The preacher placed his hand on the casket lid with a question in his eyes, but Henry could not answer it. His entire being was overwhelmed by grief. Suddenly into his mind came sapphirine skies, mineral-green streams, tilled soil, and endless vistas. The casket lid threatened the significance and integrity of the natural world itself. He began to shake visibly.
The preacher’s voice was low. “May I close the casket, Henry?” Henry could not say yes. How could he? His lips were frozen, his mind harrowed, his tongue paralyzed in his mouth. As the lid was gently lowered, it cast his darling daughter first into a shadow, which grew gradually deeper, then her features were eclipsed, inch by inch, until her physical form vanished forever, and the casket was locked. Henry realized with horror that he could not recover the key. There was no key to the world.
* * *
Far across the road, cattle moaned with longing for a night coming in fits and starts. The air was restless and the crickets thrummed. The hot, humid breath of October was lifting now from the ground, where it had boiled all day, rising to meet the cooler streams of air that hovered over it. Airs kissed and stratified, whitening and thinning as the sun slipped its moorings and sank to the bank of the earth. Its center was as orange as its umbral rim was black. The sky grew redder and redder as the sun turned an earthier orange and less brilliant. Above it, purling clouds showed terraced bands of dark against crimson, and the rungs spanned the breadth of the sky. They stacked one upon the next on and on above the sun until the highest bands stretched into interminable shadow, darkening as they reached the top of the bow of the sky, then drifting edgeless into the risen evening. Blackish blue emerged from the east and stretched over the house like an enormous wing extended in nightlong flight. But day was not done, it shook out its last rays, and as low clouds skimmed before the spent sun, the roaming, liberal light was shadowed and then returned like a lamp dampered and promptly relit. The westernmost rooms of the house registered this call and response — walls now flush with color, now dimmed, now returned to red, the orange overlaid with gray, molten color penetrating the sheers and staining the interiors. Walnut moldings and finials and frames were all cherry-lit like blown glass—
No. The old language is dead. Henrietta is dead.

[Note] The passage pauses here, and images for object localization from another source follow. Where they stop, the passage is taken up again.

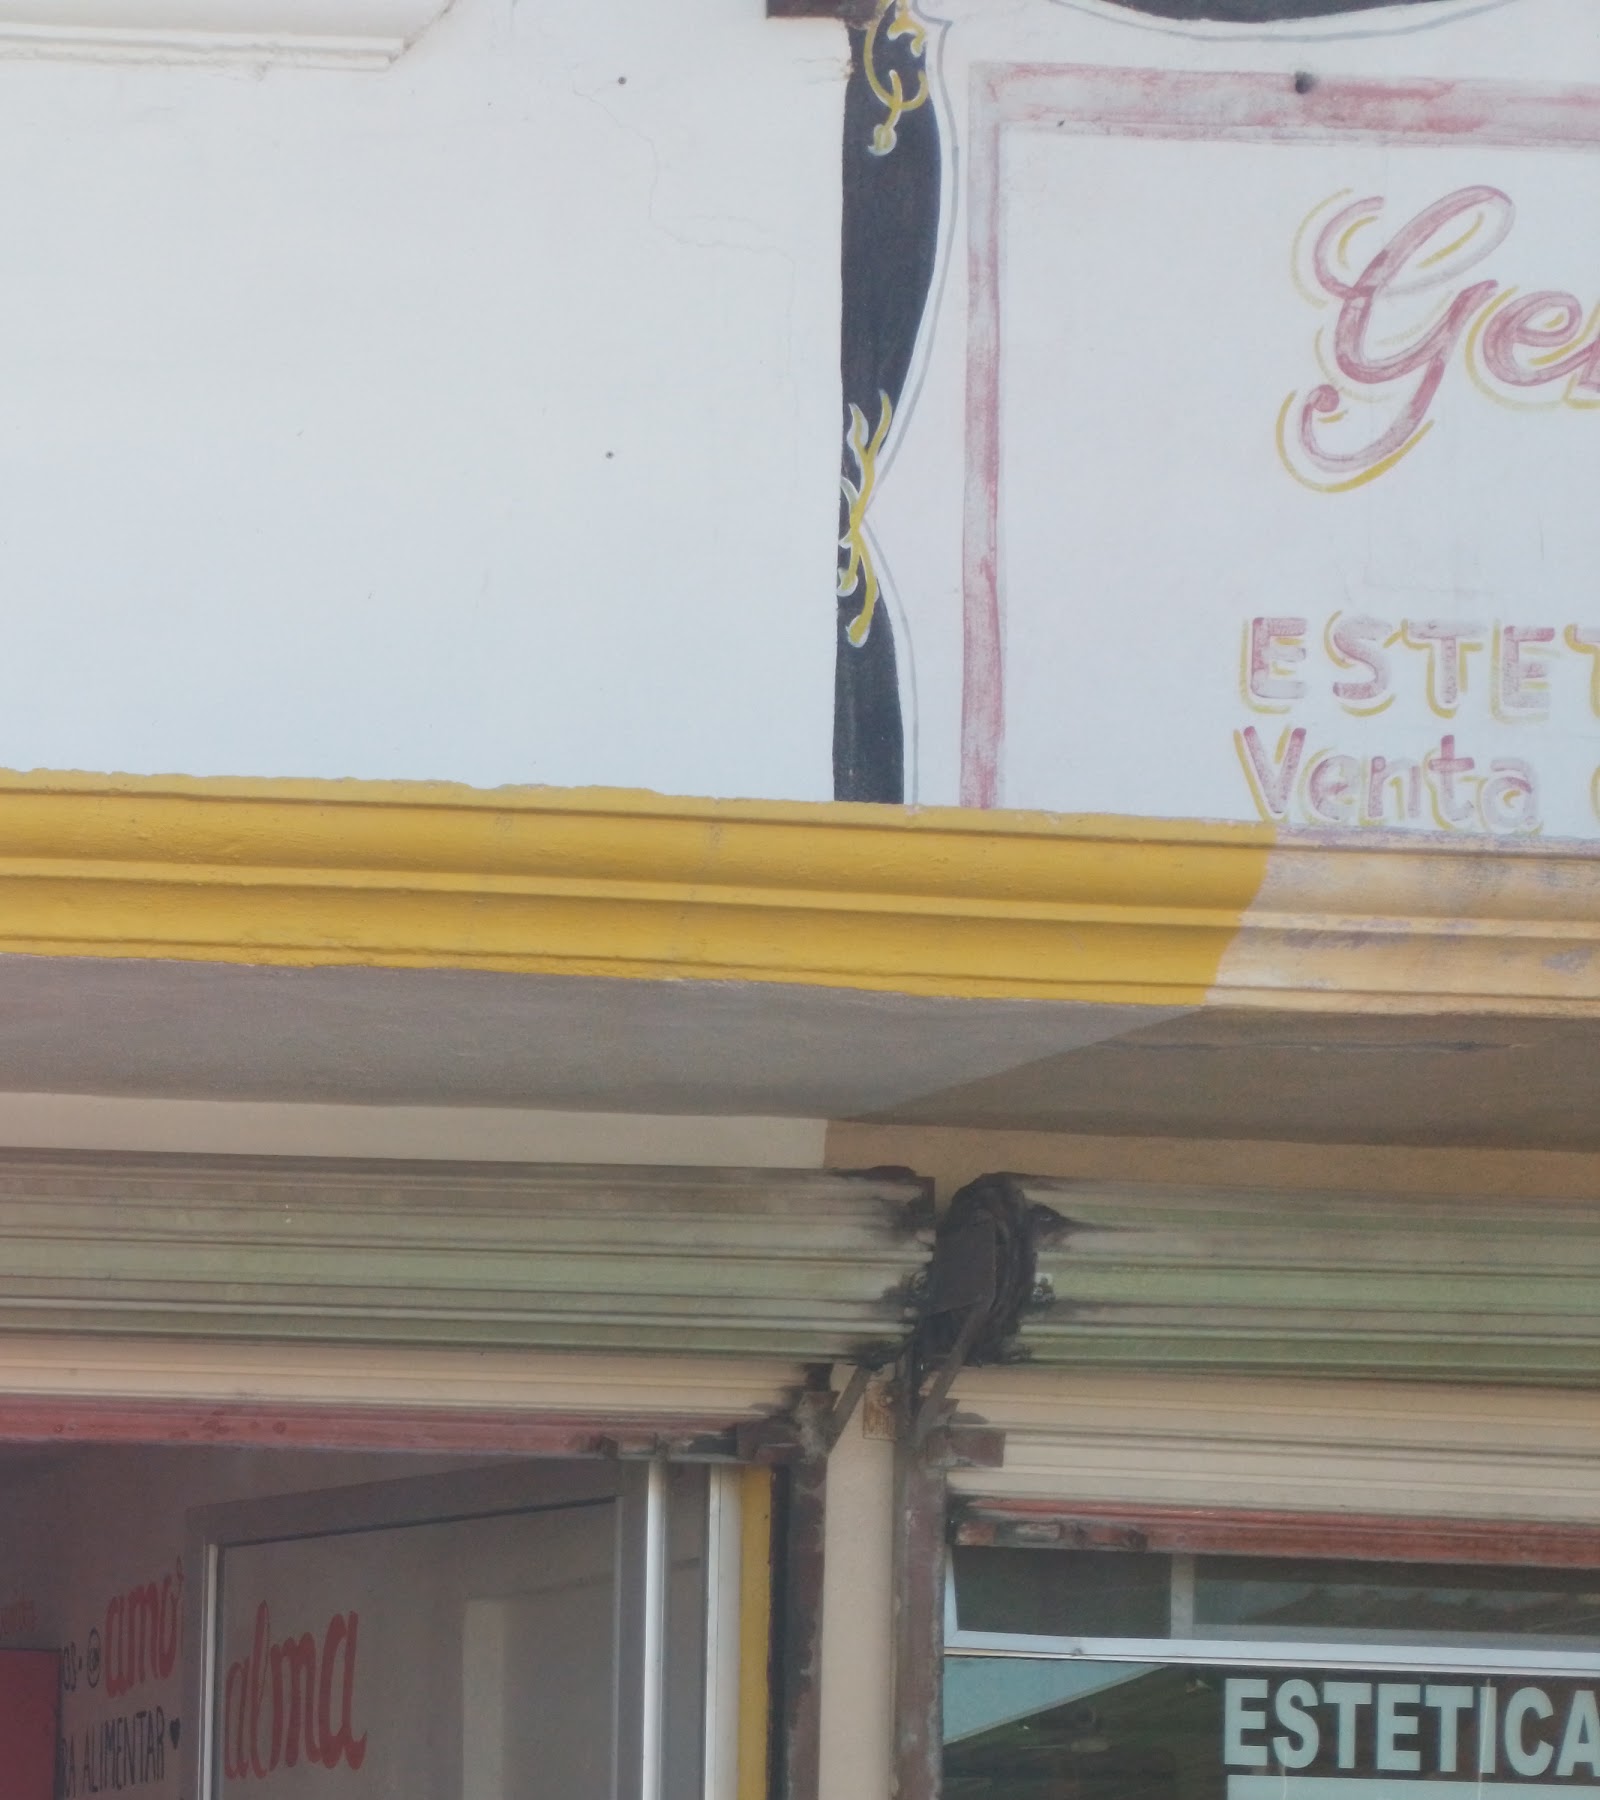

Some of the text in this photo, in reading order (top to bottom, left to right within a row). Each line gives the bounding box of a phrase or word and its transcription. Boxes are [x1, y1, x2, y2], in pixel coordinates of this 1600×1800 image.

[1278, 184, 1600, 493] Ge
[1234, 726, 1544, 836] Venta
[223, 1601, 368, 1781] alma
[1223, 1678, 1600, 1778] ESTETICA
[84, 1706, 166, 1795] ALIMENTAR

Henry stood in his foyer alone. He had invited no one back for supper after the funeral; he couldn’t bear the thought of polite company, how everyone would invade her home, chatter in her living room, sit on her sofas and wing-back chairs, all while he stood there, listening to the relentless ticking of the tall clock in the hall. It was impossible.

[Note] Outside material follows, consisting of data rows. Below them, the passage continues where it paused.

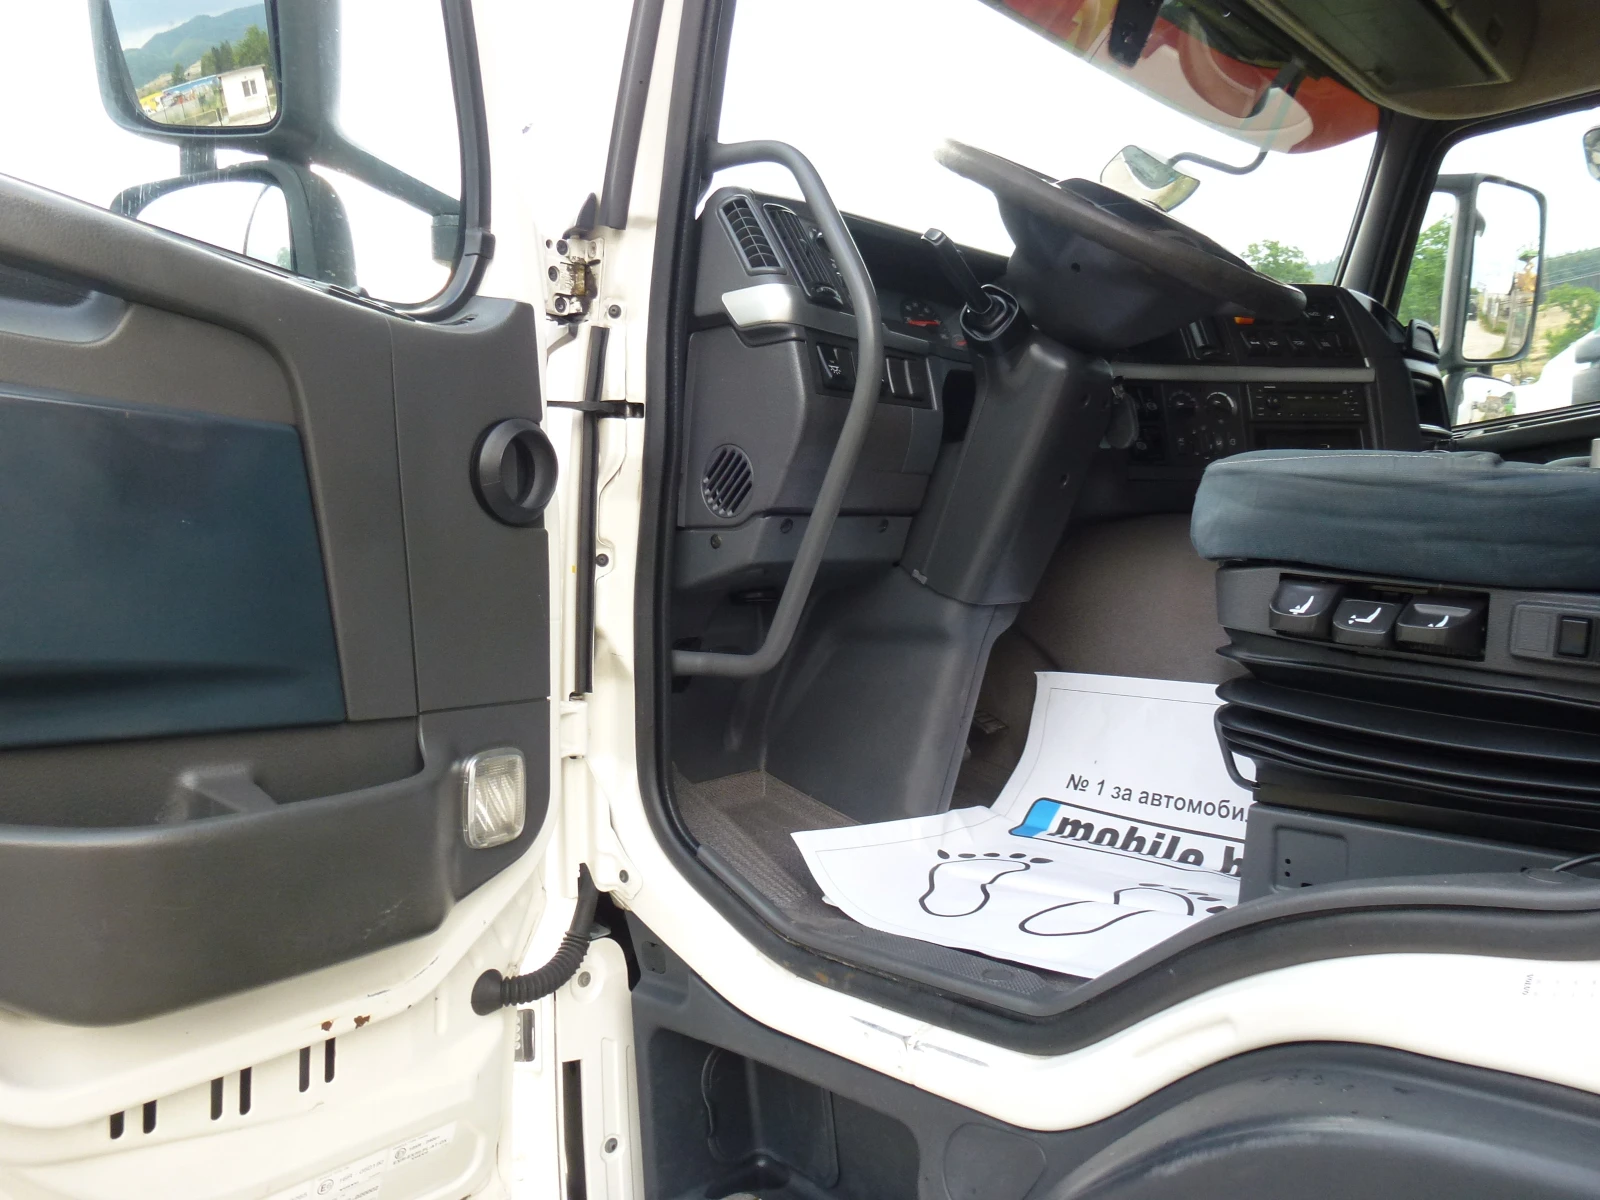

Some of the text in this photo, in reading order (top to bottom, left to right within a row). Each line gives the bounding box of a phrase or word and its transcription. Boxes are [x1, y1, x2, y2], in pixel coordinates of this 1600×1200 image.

[1096, 779, 1106, 796] 1
[1110, 785, 1133, 802] за
[1137, 790, 1248, 823] автомоби
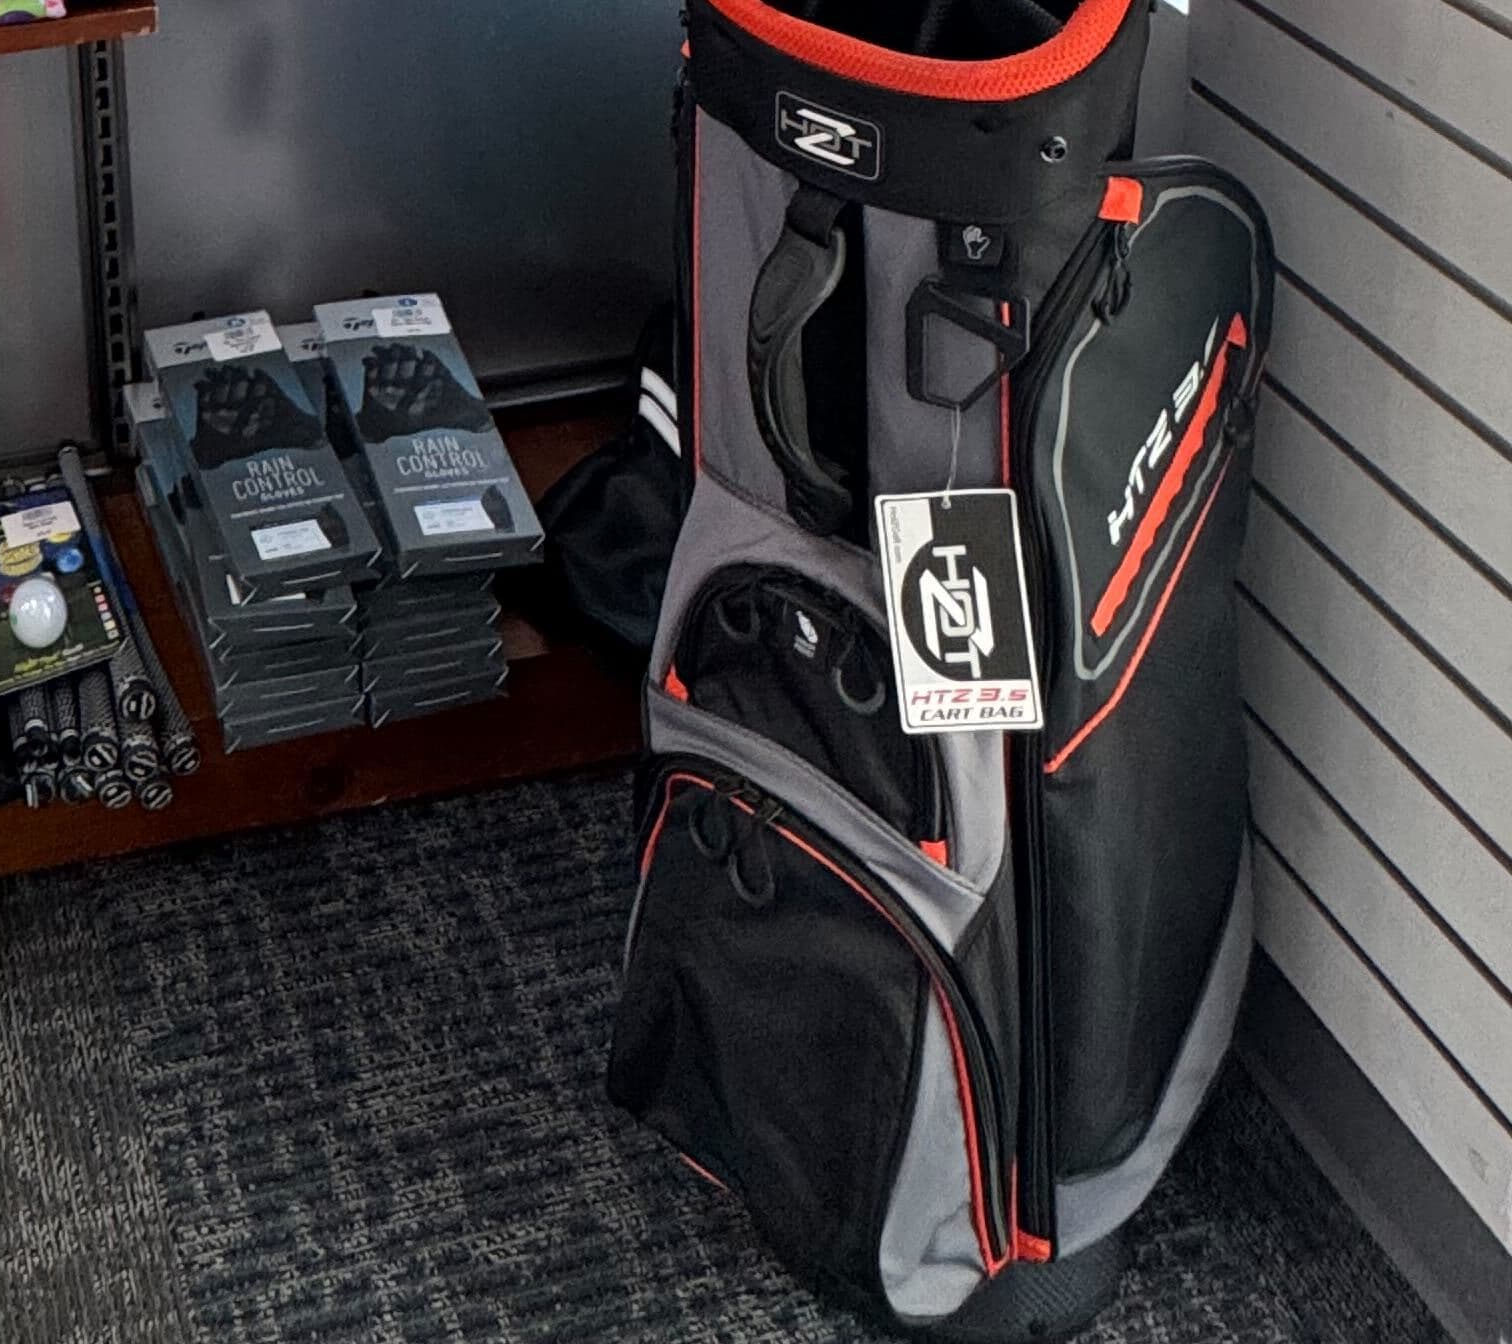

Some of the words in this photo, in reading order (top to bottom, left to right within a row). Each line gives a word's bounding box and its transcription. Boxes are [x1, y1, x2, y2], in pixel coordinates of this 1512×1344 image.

[412, 435, 460, 455] RAIN
[246, 455, 294, 478] RAIN
[396, 449, 488, 476] CONTROL
[232, 467, 326, 500] CONTROL
[1107, 409, 1173, 546] HTZ
[911, 688, 973, 706] HTZ
[977, 687, 1029, 702] 3.5
[920, 707, 974, 722] CART
[980, 706, 1024, 720] BAG

When a hand reached out gently to grip his elbow, he turned slowly as though moving underwater. The nurse, whom he’d hired for these few weeks, was beside him, whispering in her gentle voice: “He fed right on schedule and slept until you walked in the door.”

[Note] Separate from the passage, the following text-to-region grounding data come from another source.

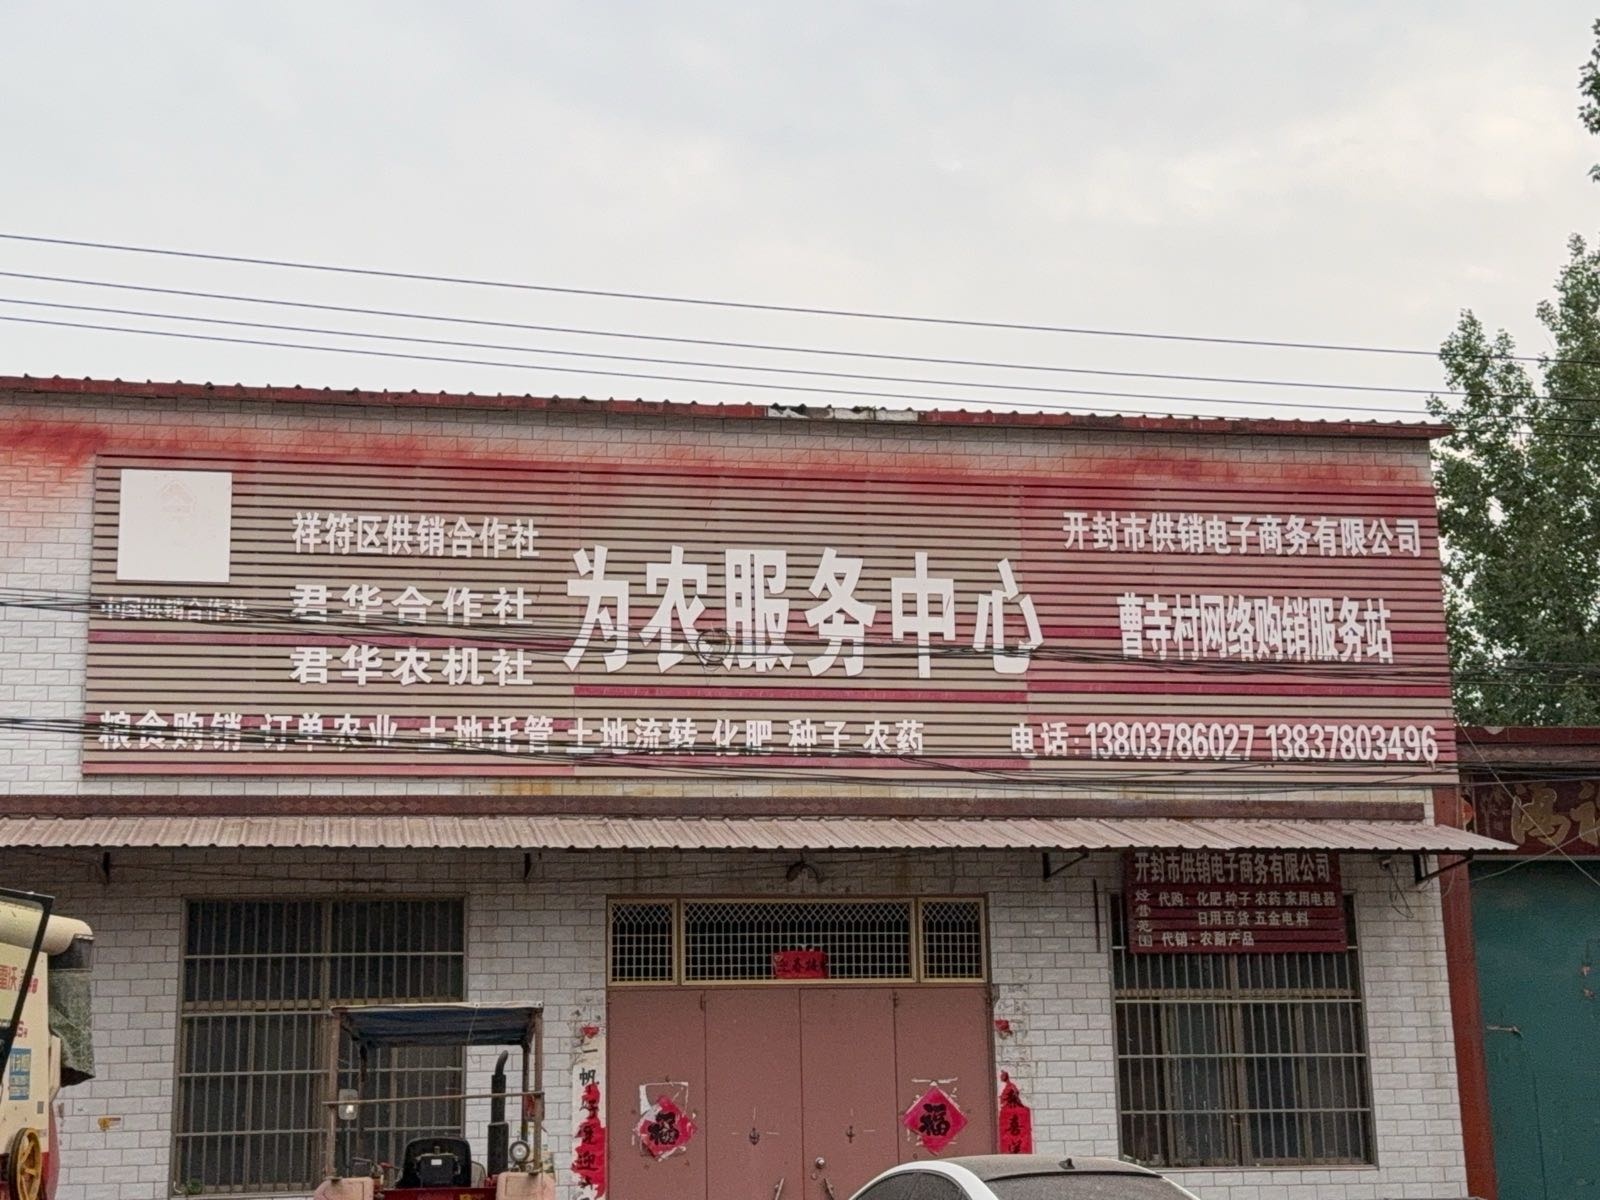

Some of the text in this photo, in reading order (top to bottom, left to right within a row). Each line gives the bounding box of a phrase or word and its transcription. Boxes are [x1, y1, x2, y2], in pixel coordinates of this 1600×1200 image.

[292, 511, 540, 558] 祥符区供销合作社
[1062, 511, 1421, 557] 开封市供销电子商务有限公司
[290, 583, 533, 626] 君华合作社
[563, 544, 1044, 678] 为农服务中心
[1117, 592, 1393, 664] 曹寺村网络购销服务站
[290, 644, 533, 687] 君华农机社
[98, 709, 924, 756] 粮食购销 订单农业 土地托管 土地流转 化肥 种子 农药
[1266, 724, 1438, 762] 13837803496
[1135, 852, 1330, 883] 开封市供销电子商务有限公司
[918, 1103, 950, 1136] 福

He? Who? The child, wrapped tight in a blanket of lilac cotton, one creamed-coffee fist escaped to find the plush petals of his lips and wave smally in the air. He was fat and ancient-looking, smelling vaguely of sour milk and sweet, warm skin. Dark skin. Henry’s breath hitched. Beneath that brown, he could detect the sure set of his daughter’s brow, the shape of her eyes. This black child was like the living memory of her, but altered. Henry wanted nothing more than to push him away even as he pulled him close, his mind churning with the new reality.